TOEFL practice materials that are developed by ETS, the creators and administers of the TOEFL, are the best to use because you can be sure that they’ll be similar to the real TOEFL. Some practice materials don’t replicate the format, content, or style of the TOEFL very closely. In contrast, official materials, since they are made by the same people who make the real TOEFL, will be very similar to the actual exam.

You should be sure to make use of official TOEFL prep resources (we’ll go over what these include in the next section), but these materials are limited so you’ll likely need to use unofficial resources as well.

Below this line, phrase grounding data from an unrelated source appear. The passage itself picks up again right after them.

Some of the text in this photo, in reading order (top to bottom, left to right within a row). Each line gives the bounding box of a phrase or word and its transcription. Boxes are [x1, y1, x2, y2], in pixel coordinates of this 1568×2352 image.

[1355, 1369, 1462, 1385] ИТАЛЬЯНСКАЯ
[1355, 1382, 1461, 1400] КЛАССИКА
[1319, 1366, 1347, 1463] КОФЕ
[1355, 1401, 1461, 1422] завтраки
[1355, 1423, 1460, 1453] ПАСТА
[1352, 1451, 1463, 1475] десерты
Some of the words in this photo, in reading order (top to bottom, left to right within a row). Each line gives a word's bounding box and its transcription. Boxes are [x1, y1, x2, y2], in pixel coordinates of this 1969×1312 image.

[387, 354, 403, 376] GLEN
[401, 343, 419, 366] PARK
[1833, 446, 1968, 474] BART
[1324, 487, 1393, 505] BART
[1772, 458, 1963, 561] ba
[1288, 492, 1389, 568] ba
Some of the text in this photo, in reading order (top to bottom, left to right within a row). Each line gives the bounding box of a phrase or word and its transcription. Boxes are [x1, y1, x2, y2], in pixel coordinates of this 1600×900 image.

Great unofficial resources should have the following three qualities:


#1: High-Quality Practice Questions

In order to be well-prepared for the TOEFL, you’ll need to have a good understanding of the questions you’ll be asked. This means answering a lot of TOEFL practice problems. Good practice problems cover the same content the TOEFL does and have a similar difficulty level and format to the real exam. The closer the practice questions are to the TOEFL, the better prepared you’ll be on test day.


#2: In-Depth Answer Explanations

Even if a TOEFL practice test has the highest-quality problems, you won’t get much out of them if the answer explanations aren’t good. Being able to understand what you did wrong and how to find the correct answer are key to learning from your mistakes and improving your score. Practice tests with brief or even no explanations for the answers typically aren’t the strongest resources.


#3: Similar in Format to the TOEFL

The best practice tests also have a similar format to the TOEFL. The TOEFL lasts over 3.5 hours and has the following format:

Section Number of Questions Time Given
Reading 36-56 60-80 minutes
Listening 34-51 60-90 minutes
BREAK -- 10 minutes
Speaking 6 tasks 20 minutes
Writing 2 tasks 20 minutes, then 30 minutes

To have a practice test that follows this exact format requires a lot of material and a lot of practice questions, so most practice TOEFLs are significantly shorter than the real exam. However, having a complete practice TOEFL helps you get prepared for taking such a long test, and these longer practice tests often give a more complete overview of the questions you’ll see on the TOEFL.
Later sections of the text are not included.